Но если этотъ исключительный титулъ признать за дипломатомъ могущественной Пруссіи, которая была сильнѣе Австріи и сильнѣе Франціи и блистательно побѣдила ихъ военнымъ геніемъ Мольтке, то какое-же, сравнительно, мѣсто останется въ исторіи для Кавура, политика ничтожной Сардиніи, обратившейся при немъ въ великую державу Италію, при недовѣріи Наполеона III, который хотя изгналъ австрійцевъ и отдалъ Сардиніи Ломбардію, Парму и Модену, но вовсе не желалъ объединенія Италіи; при порицаніи прусскаго короля Вильгельма, при противодѣйствіи Мадзини, при своеволіи Гарибальди?
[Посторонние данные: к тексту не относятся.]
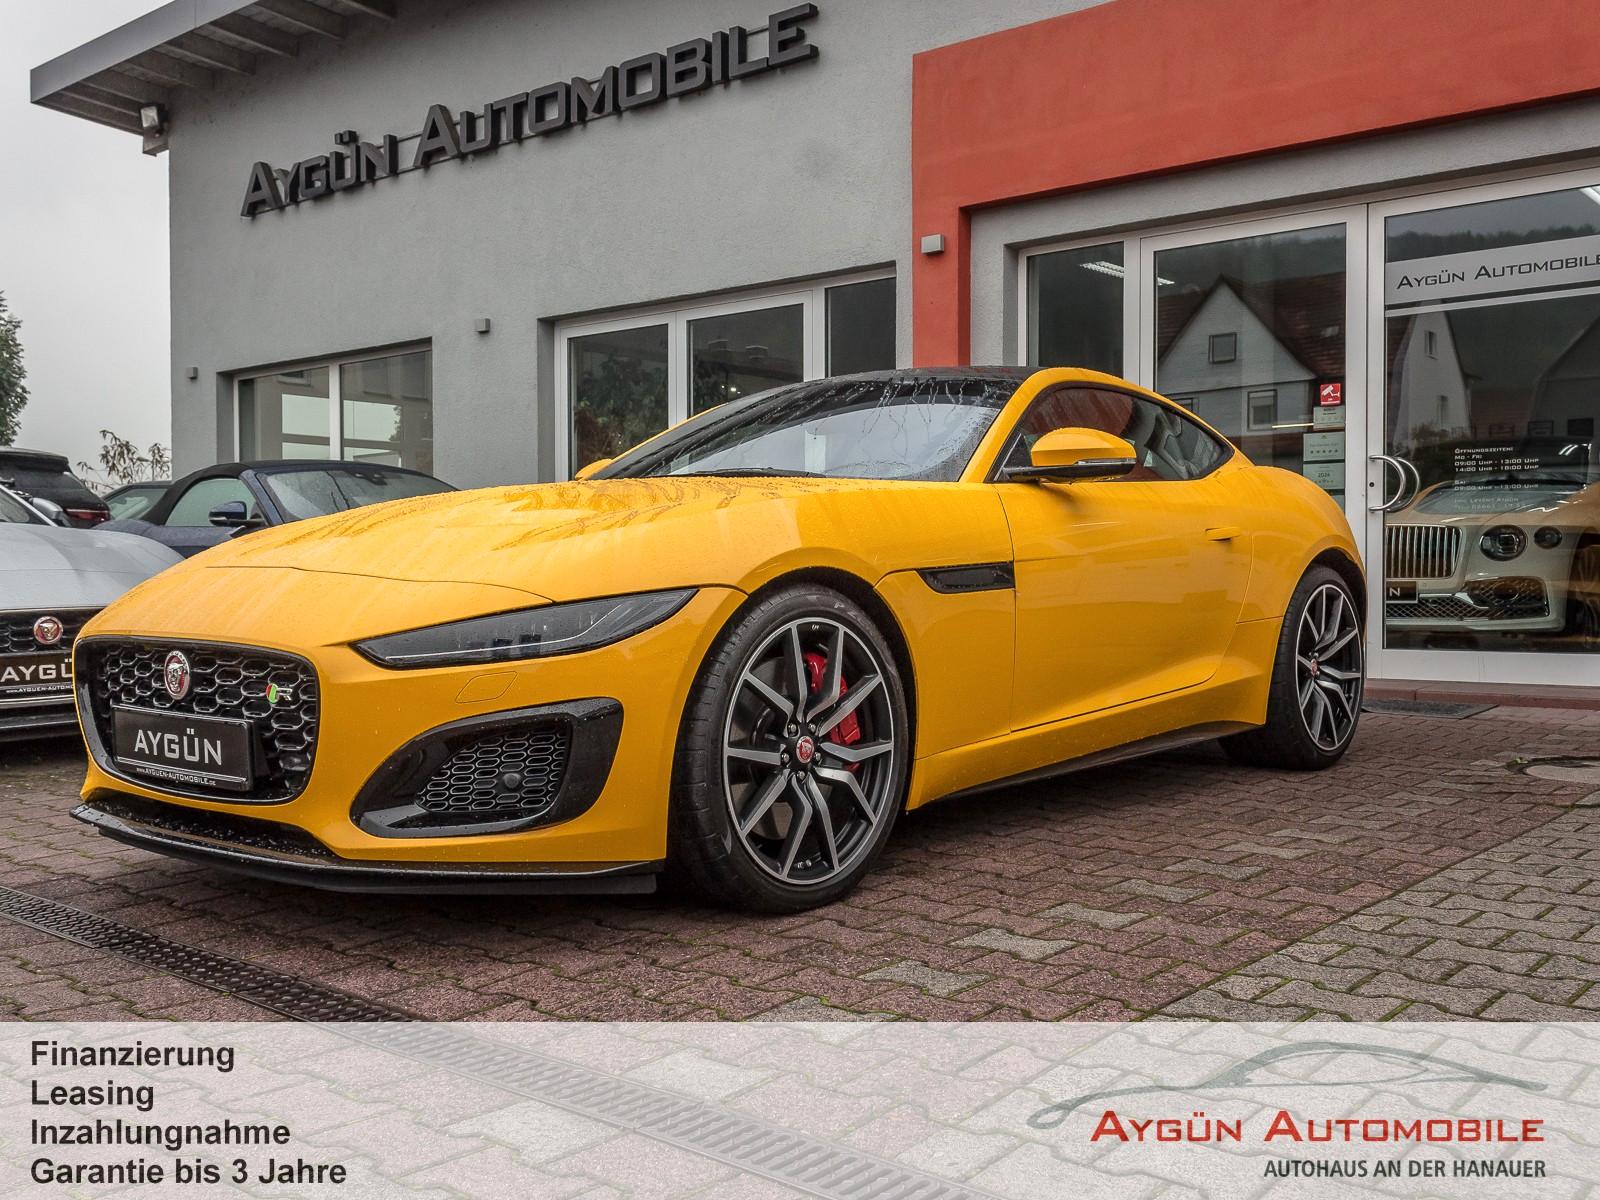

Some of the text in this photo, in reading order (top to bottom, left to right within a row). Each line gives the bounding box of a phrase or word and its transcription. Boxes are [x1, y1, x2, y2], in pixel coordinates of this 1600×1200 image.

[240, 2, 819, 217] AYGÜN AUTOMOBILE
[1397, 269, 1465, 290] AYGÜN
[134, 727, 222, 766] AYGÜN
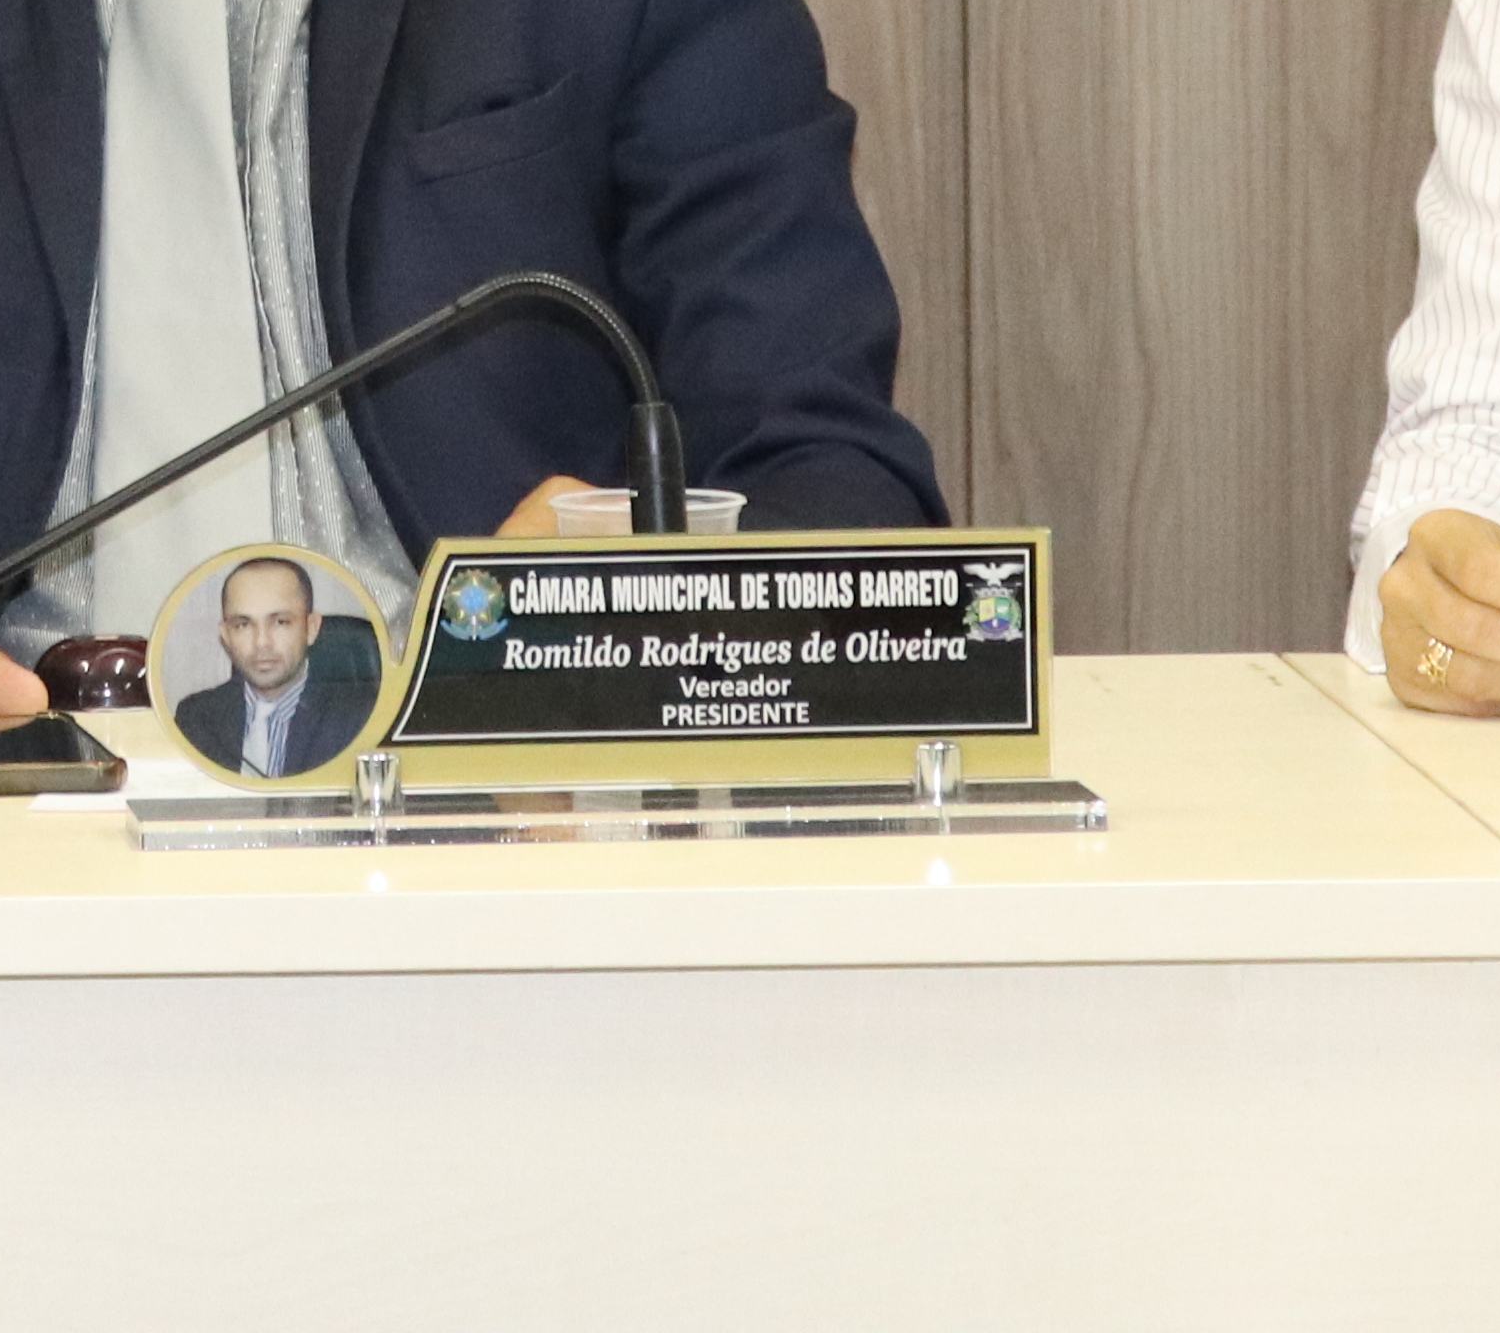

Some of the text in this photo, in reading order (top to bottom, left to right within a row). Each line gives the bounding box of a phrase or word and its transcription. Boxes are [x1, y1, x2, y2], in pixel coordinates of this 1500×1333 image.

[509, 569, 959, 615] CÂMARA MUNICIPAL DE TOBIAS BARRETO
[503, 630, 968, 674] Romildo Rodrigues de Oliveira
[679, 675, 792, 699] Vereador
[661, 701, 810, 728] PRESIDENTE
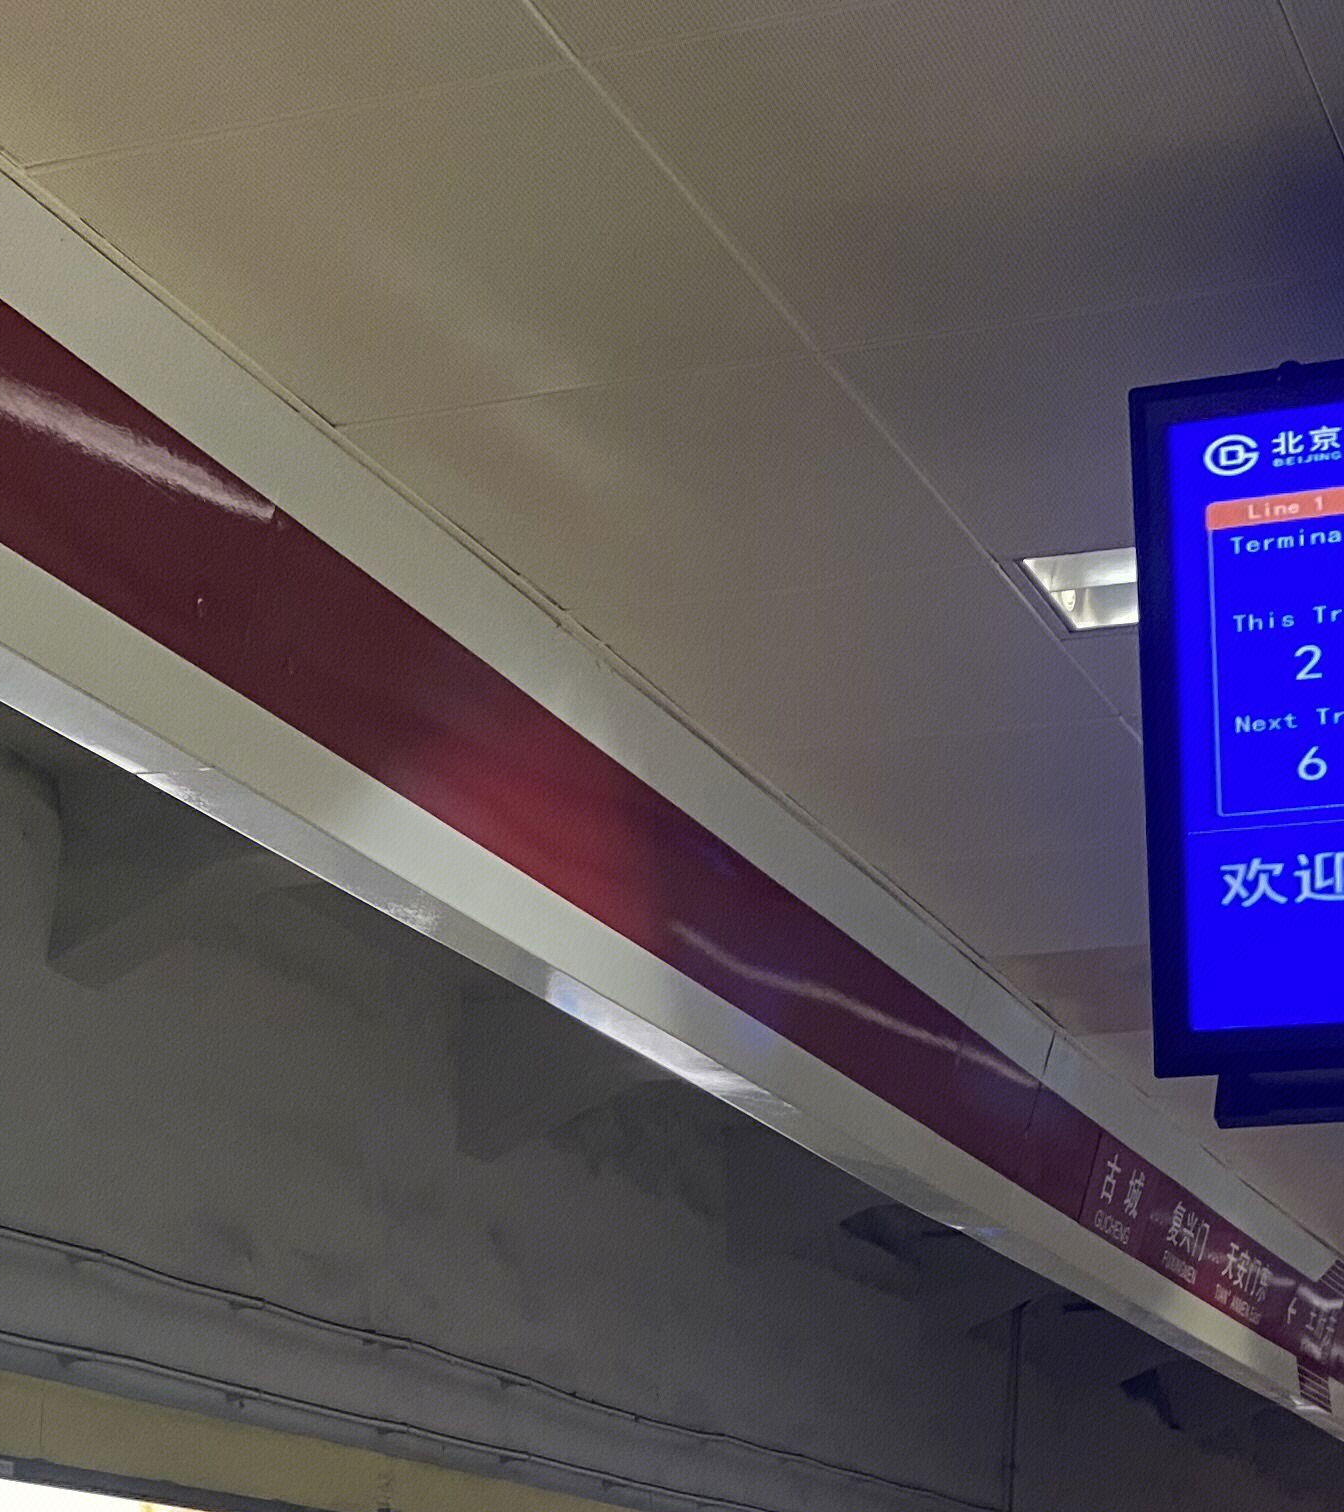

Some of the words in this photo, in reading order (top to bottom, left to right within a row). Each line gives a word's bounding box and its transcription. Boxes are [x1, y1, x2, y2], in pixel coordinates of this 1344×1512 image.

[1272, 451, 1342, 467] BEIJING
[1247, 501, 1300, 520] Line
[1314, 496, 1324, 511] 1
[1233, 611, 1295, 633] This
[1294, 644, 1323, 681] 2
[1235, 711, 1298, 735] Next
[1297, 746, 1327, 781] 6
Сопоставленіемъ именъ Кавура и Бисмарка мы и окончимъ статью, которую начали сравненіемъ — что значило объединеніе въ Италіи и что въ Германіи. Умирая, Кавуръ выражалъ королю свою радость, «что Италія создалась свободой и для свободы»[9]. Сопоставьте съ этимъ девизы Бисмарка: «Durch Blut und Eisen», «Macht geht vor dem Rechte» — тогда выразятся ярко все различіе между значеніемъ событій, между характеромъ дѣятелей, освѣтится — что можетъ ожидать для себя человѣчество отъ того и отъ другого дѣла.
- ↑ «Pie IX et Victor-Emmanuel» Hist, contemp. de l’Italie p. Jules Zeller, стр. 389.
- ↑ Мужемъ англійской королевы.
- ↑ Jules Zeller, таже книга стр. 397—398.
- ↑ Часть Эльзаса была уступлена Франціи по вестфальскому миру (1648 г.), другая часть — по рисвикскому миру (1697 г.), Лотарингія — по вѣнскому трактату (1735 г.).
- ↑ Polit. Gesell, der Gegenwart. W. Müller. VII, 1874. стр. 88.
- ↑ Тамъ же. IX, 1876. стр. 88.
- ↑ Pol. Gesell. d. Gegenwart Müller XIII. 1880 г., стр 70—72.
- ↑ Le Régime Moderne.
- ↑ Pie IX et Viet.-Emm. Zeller, стр. 429.